Hands-on training. Manufacturers can support educational institutions that provide hands-on operator training like that found in the program offered by Southern Illinois University Edwardsville’s Environmental Resources Training Center. There, students are trained on operating process equipment long before finding positions as operators, including completing an internship at a municipal wastewater treatment plant before graduation. 

Annual operator and receiving stream cele­bration. WRRFs are a hidden municipal infrastructure, both figuratively and technically, and their product is lost to sight when discharged into their associated receiving streams. In order to provide a stage for highlighting this most environmental of all occupations, wastewater equipment manufacturers should promote an annual national celebration for operators. This could be held at a different location each year, with operators receiving the recognition they deserve while the local receiving stream is used as a focus for the celebrations with water-based events. It is time operators were acknowledged nationally for their work protecting watersheds and the public’s health.

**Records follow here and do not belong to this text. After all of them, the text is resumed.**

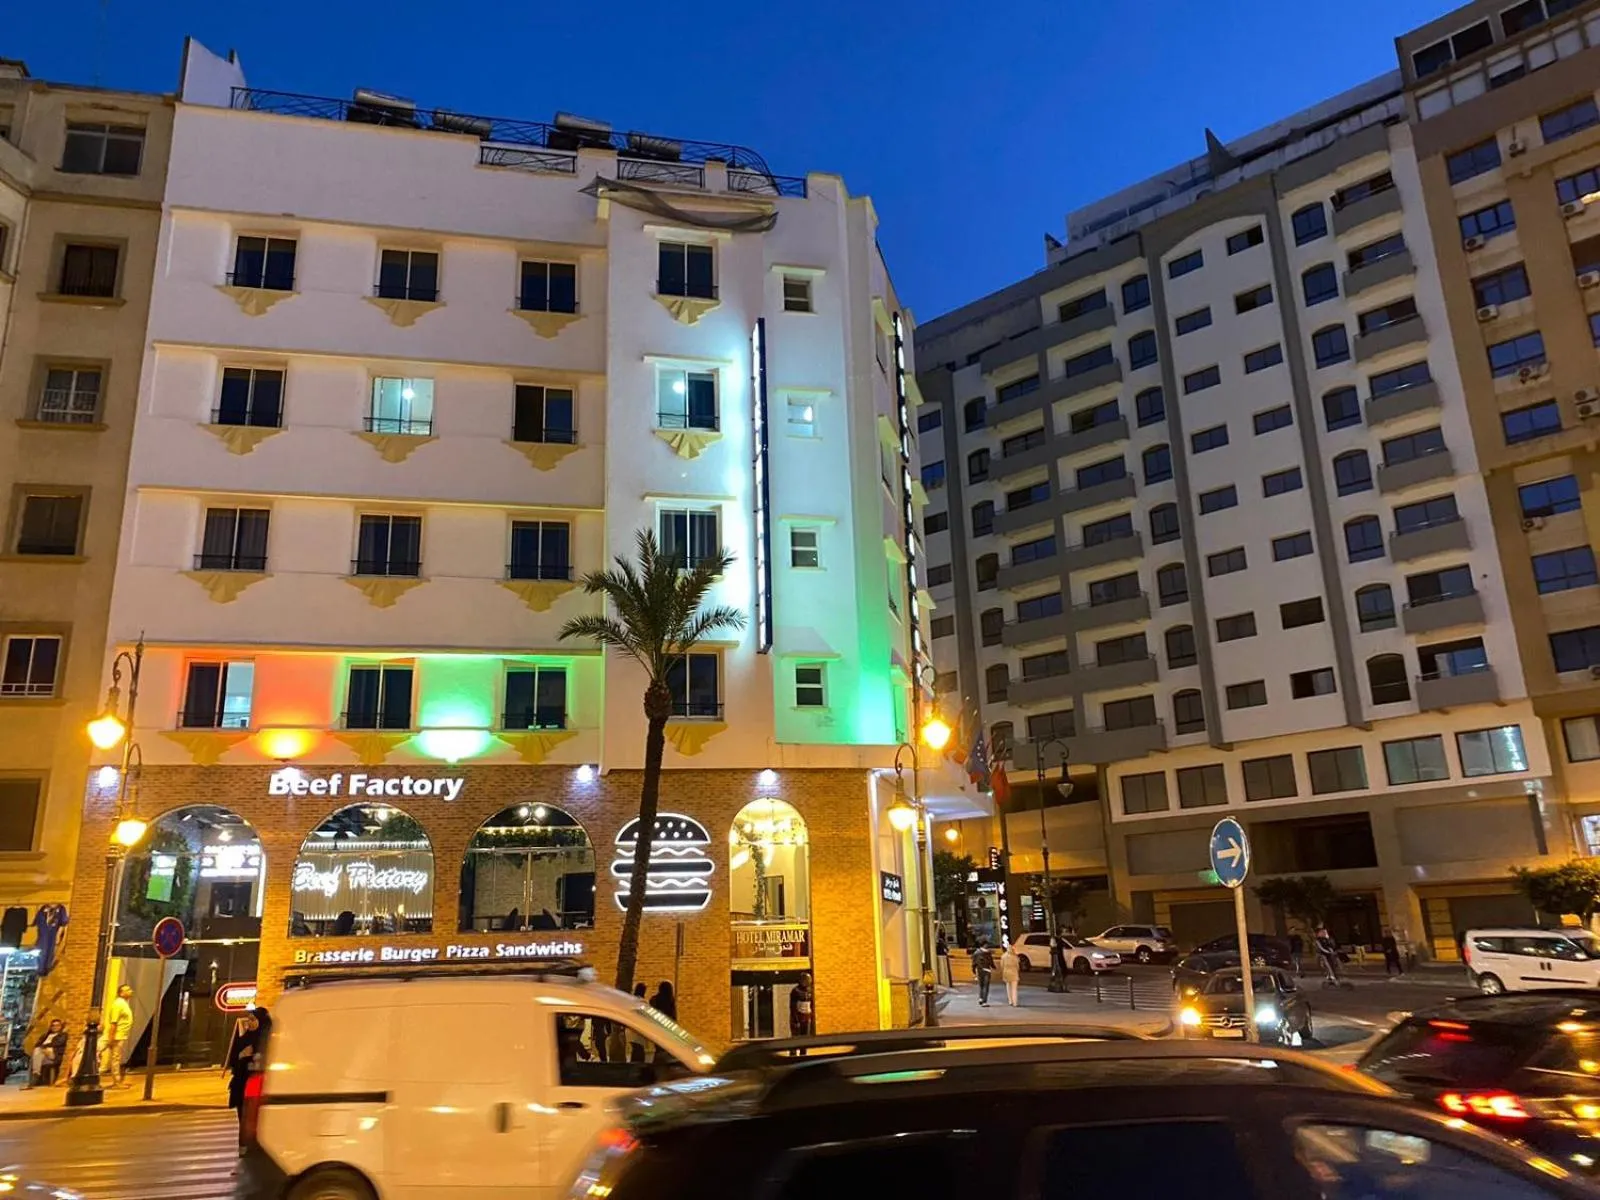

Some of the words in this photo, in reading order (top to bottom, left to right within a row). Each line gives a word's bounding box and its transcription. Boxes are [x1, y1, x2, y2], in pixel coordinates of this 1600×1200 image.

[268, 772, 342, 796] Beef
[349, 774, 464, 801] Factory
[736, 931, 765, 944] HOTEL
[766, 930, 806, 943] MIRAMAR
[294, 948, 375, 963] Brasserie
[380, 946, 439, 961] Burger
[446, 944, 490, 958] Pizza
[495, 941, 583, 957] Sandwichs

Wastewater equipment suppliers are critical for providing the sophisticated, engineered equipment required for operating microbiologically based WRRFs—living infrastructure. Operators of these facilities are key to producing effluent of the highest quality for discharge to a plant’s receiving stream. For these reasons alone, bringing equipment suppliers into closer cooperation with operators makes sense. It also makes for better treatment.

Wastewater operations is an honorable, demanding career that warrants greater involvement between manufacturers of wastewater equipment and the operators responsible for its performance.